São Paulo, terça-feira, 4 de julho de 1995
Texto Anterior | Próximo Texto | Índice

Seremos guardiões de túmulos

MIGUEL JORGE

Com a quebra dos monopólios estatais do petróleo e das telecomunicações, o que poderá dar um impulso meteórico às reformas estruturais, o Brasil iniciou um processo vital de busca de identidade para seu povo. Trata-se de definir que tipo de sociedade e de modelo econômico a nação escolherá num futuro próximo para responder ao desafio dos avanços tecnológicos, o mesmo desafio até mesmo dos grandes países industrializados.
Na semana passada, o Senado dos Estados Unidos aprovou projeto de lei que acaba com a reserva de mercado das companhias telefônicas e de TV a cabo e com os limites sobre o número de estações de rádio e de TV que uma mesma corporação pode ter. Foi ainda revogada lei de 1912, que proibia estrangeiros de operarem em telecomunicações no país, com uma condição: o país de origem da empresa interessada emprestar serviços precisa dar igual tratamento às empresas norte-americanas.
Com essa ampla desregulamentação, os norte-americanos terão maior gama de serviços a preços mais baixos, o que beneficiará a economia do país, estimulando a expansão de um setor que movimentou US$ 700 bilhões em 1994.
Essa notícia sobre a modernização espontânea da economia americana, quando a Câmara dos Deputados, em Brasília, prepara-se para encerrar o monopólio do petróleo, abrindo sua exploração ao setor privado, toma necessárias algumas inflexões. Em qualquer país, um processo de modernização não pode ser ambivalente, juntando-se estatais arcaicas -verdadeiros túmulos- a uma visão de futuro. Não pode também ser feito com base em conceitos e ideologias superadas, rejeitadas nos países mais avançados, como ocorreu agora, durante a recém-terminada (ou não?) paralisação dos petroleiros.
Não existe mais lugar para o confronto entre teorias utópicas do socialismo -reivindicadas pelo sindicalismo virulento, sob as formas mais bizarras- e a opção do crescimento econômico com pleno emprego.
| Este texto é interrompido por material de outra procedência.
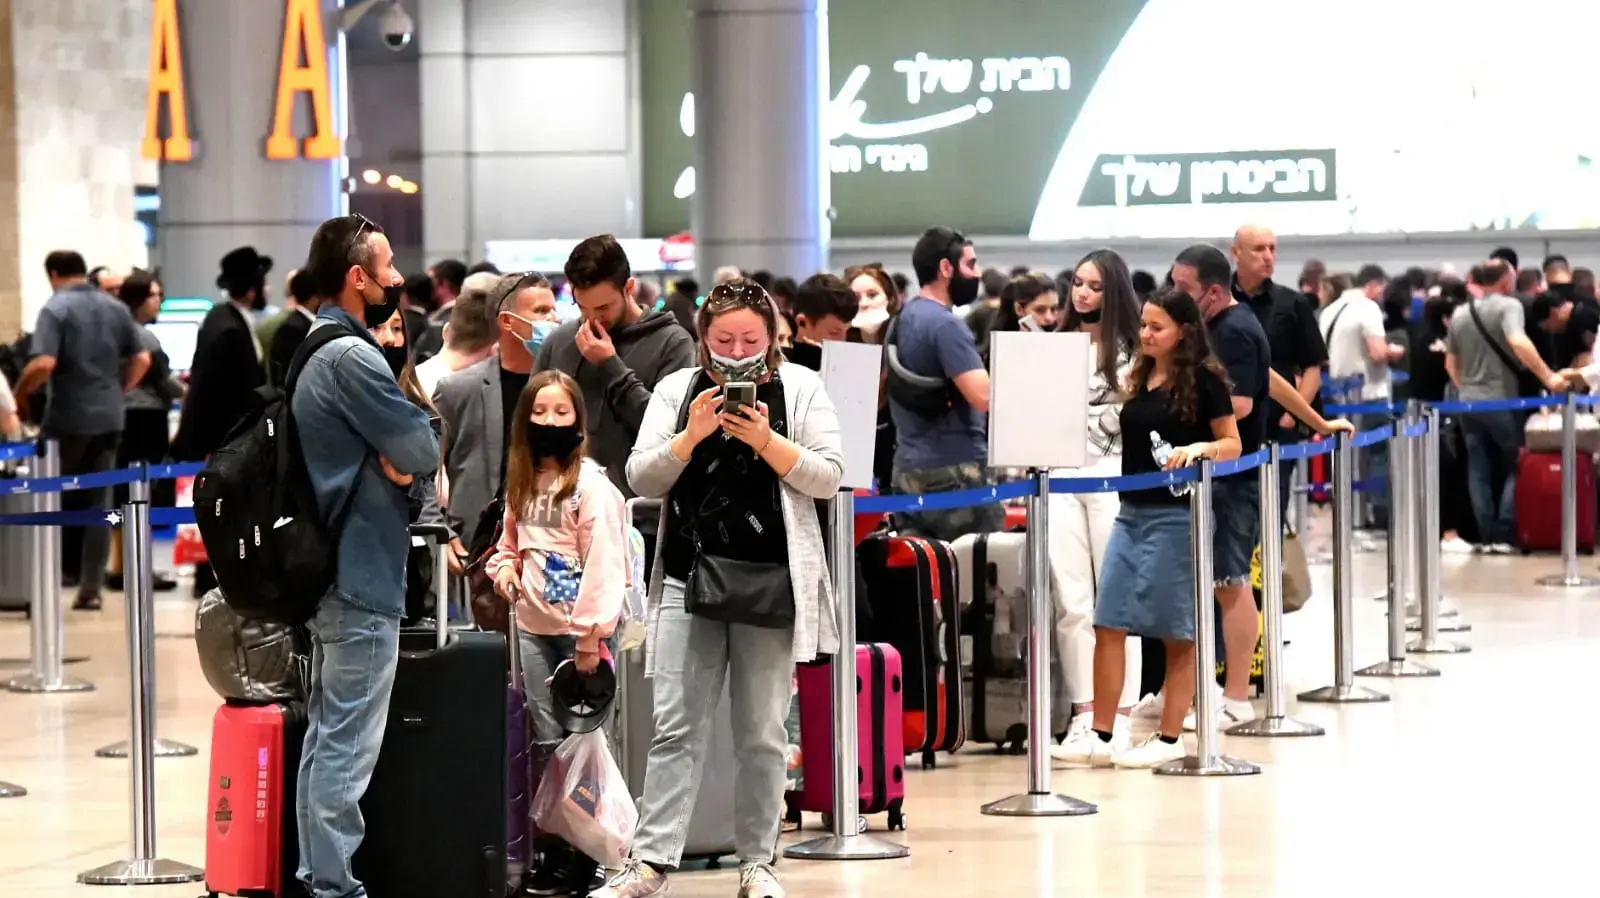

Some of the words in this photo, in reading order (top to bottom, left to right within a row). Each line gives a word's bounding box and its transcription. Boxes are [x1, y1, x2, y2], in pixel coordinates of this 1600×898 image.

[142, 0, 192, 161] A
[266, 0, 341, 160] A
[893, 51, 973, 103] שלך
[979, 56, 1071, 92] הבית
[1101, 154, 1181, 206] שלך
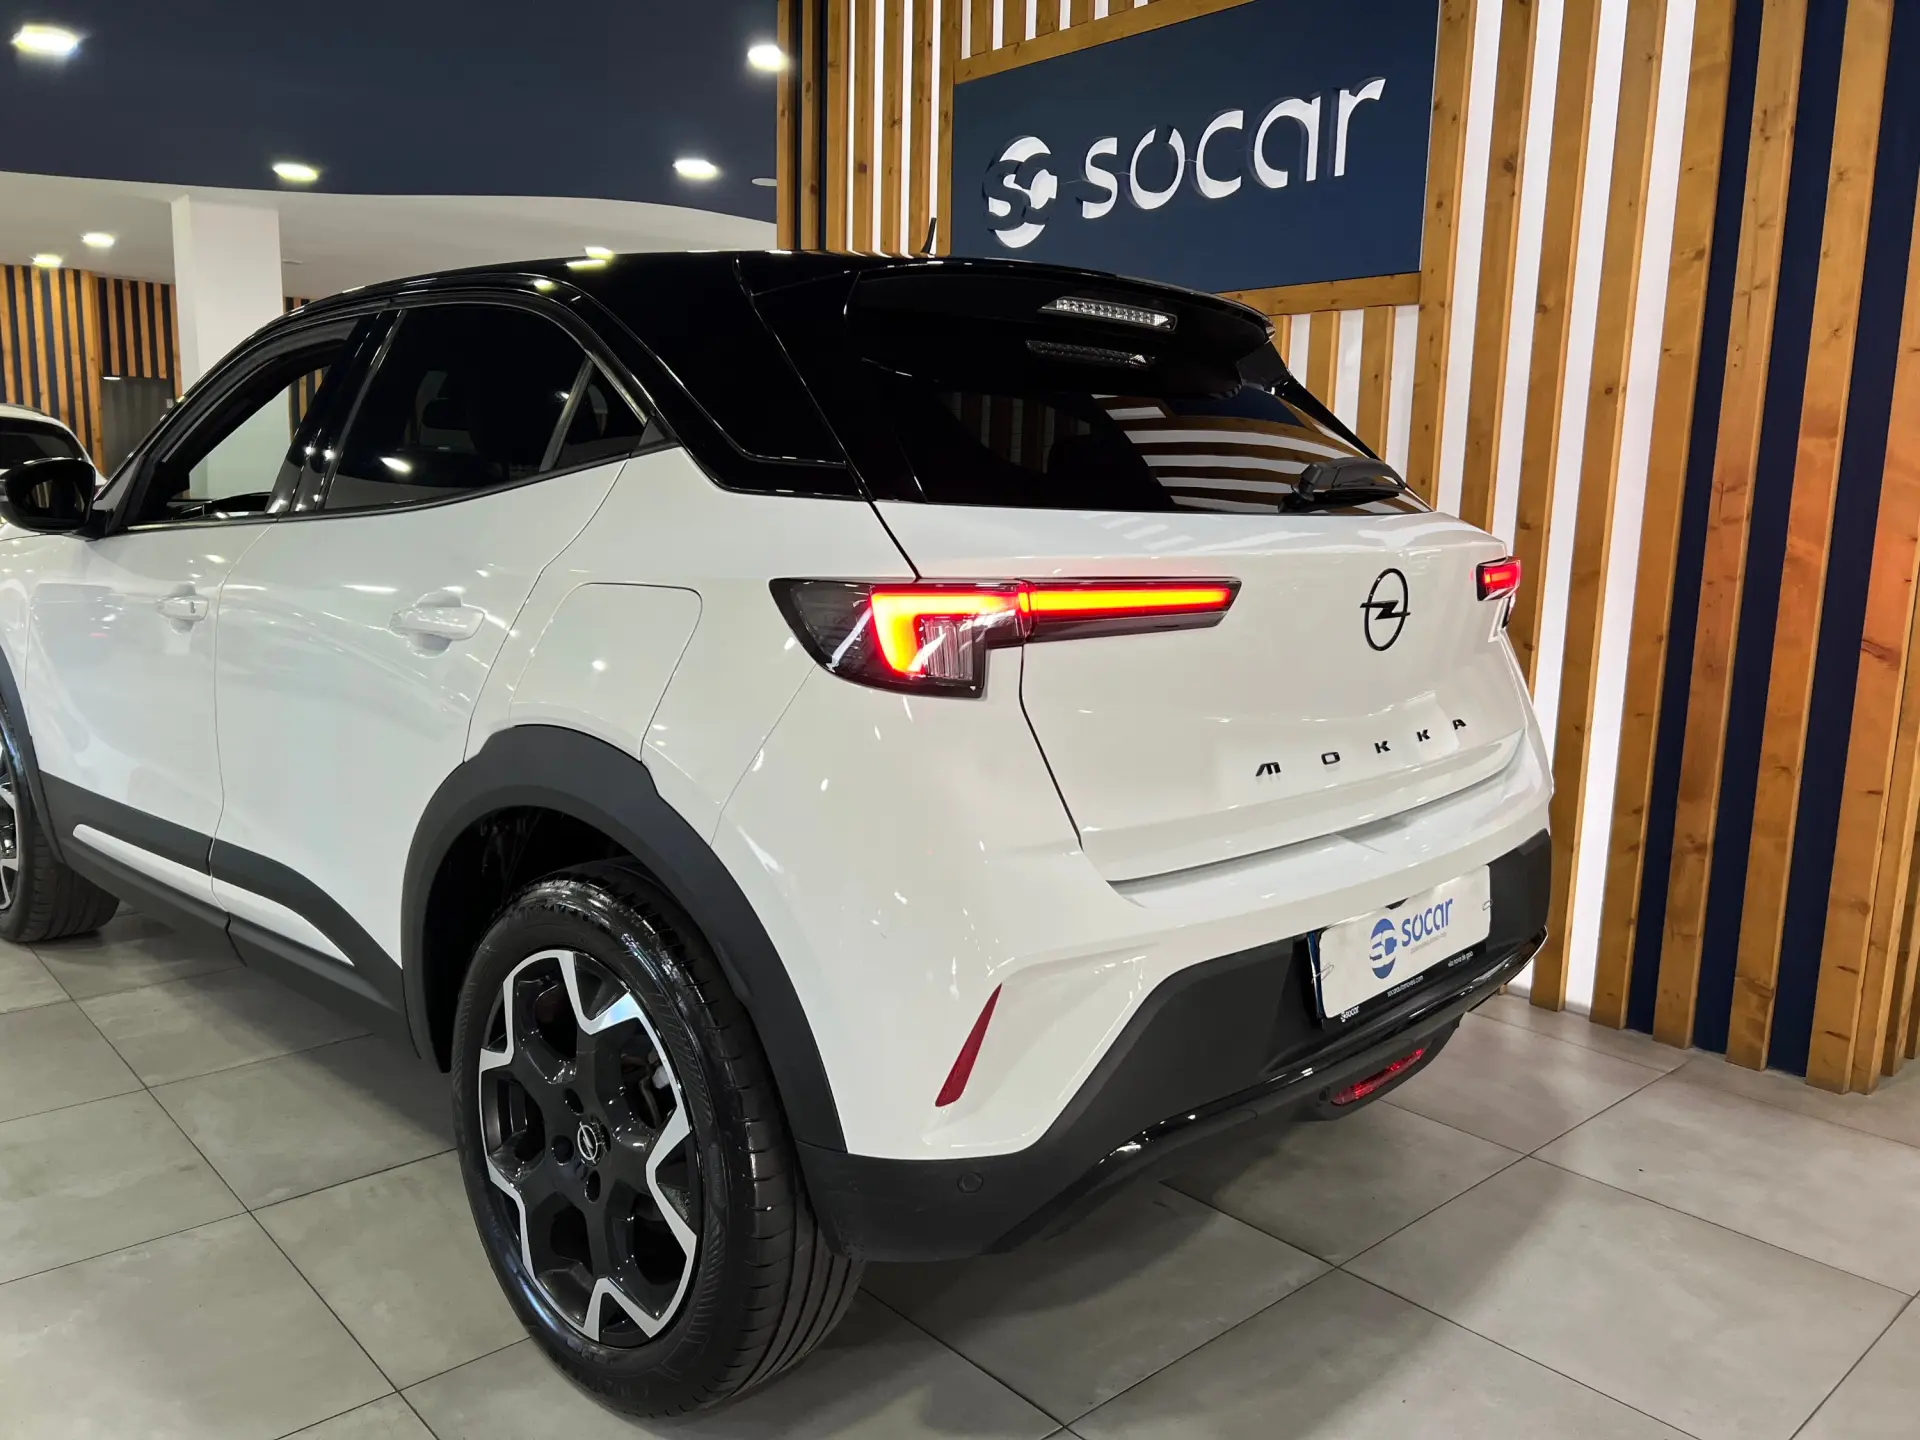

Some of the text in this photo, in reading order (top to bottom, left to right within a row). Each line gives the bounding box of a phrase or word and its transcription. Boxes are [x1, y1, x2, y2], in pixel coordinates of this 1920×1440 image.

Movimentos políticos radicais, fomentados por sindicatos que cresceram na ceva do Estado, perdem terreno diariamente, devido ao desemprego estrutural, à globalização da economia, à criação de pequenas e micro-empresas e às parcerias entre empresas e empregados.
Se, no Brasil, as privatizações de empresas estatais ocorrem em clima de incompreensões, nos Estados Unidos acontece o contrário: por iniciativa do Senado americano, até mesmo as companhias de eletricidade já podem entrar na área das telecomunicações. Lá, num país construído segundo a cartilha liberal, os trabalhadores fazem cada dia menos greves, pois o sindicalismo de confronto liga-se a um modelo econômico incompatível com as transformações do mundo. Bastou, por exemplo, o Congresso brasileiro quebrar o monopólio estatal das telecomunicações, em duas votações, para o governo americano anunciar que 23 empresas americanas poderiam investir US$ 23 bilhões no Brasil.
É dentro desta perspectiva de internacionalização da economia que os setores sindicais, estatais e políticos adversários das reformas estruturais, precisam se posicionar, em vez de engrossar o coro burocrático e estatizante, marca das últimas greves no país. Crescimento econômico, aumento de emprego, maior atividade industrial e aumento da produtividade é o que realmente importa -``salvar o Brasil das garras do capital internacional" sempre foi só frase de efeito.
Nesse aspecto, o sindicalismo brasileiro tem um papel histórico a desempenhar no país, evidenciando inclusive sua maior representatividade na Câmara e no Senado, onde sobram empresários (161 nas duas casas) e faltam trabalhadores. A questão, portanto, quando tantos interesses estão em jogo -e em que o Congresso discute até a desindexação da economia- é se convencer de que só com mais investimentos, nacionais e estrangeiros, o Estado poderá atender aos desafios do presente.
Grandes investimentos estrangeiros já estiveram neste continente, sobretudo no Brasil. Muitas das principais experiências de crescimento econômico -como as do setor automobilístico- deram-se mais aqui que em qualquer região do Terceiro Mundo.
Mas isso aconteceu em períodos históricos nos quais os governos puderam substituir parte do setor privado ou quando puderam investir pesadamente na infra-estrutura industrial -petróleo, telecomunicações, energia elétrica etc. A referência à indústria automobilística é necessária porque é um setor paradigma da indústria brasileira, pois sinaliza desafios e riscos que o país precisará enfrentar mundialmente se as reformas não derrubarem privilégios corporativistas.
Esses desafios, que os grandes países industrializados, como os Estados Unidos, também estão encontrando, e vencendo, um a um, são velhos conhecidos dos brasileiros:
Nos próximos quatro anos, o setor elétrico exigirá investimentos da ordem de US$ 22,9 bilhões: pelo menos 30% disso precisará ser aplicado pelo setor privado nacional.
Para atrair mais investimentos estrangeiros em 1996, o Brasil precisará acelerar as reformas tributária e fiscal e da Previdência Social, além de modernizar os portos e saneá-los da corrupção e da fraude.
A eliminação das restrições ao capital estrangeiro, apenas iniciada com a quebra dos monopólios, contribuirá para o ingresso de mais investimentos na economia brasileira.
Precisamos, como brasileiros, ter a consciência e, mais que isso, a certeza de que também seremos capazes de nos tornarmos uma nação moderna, competitiva e justa.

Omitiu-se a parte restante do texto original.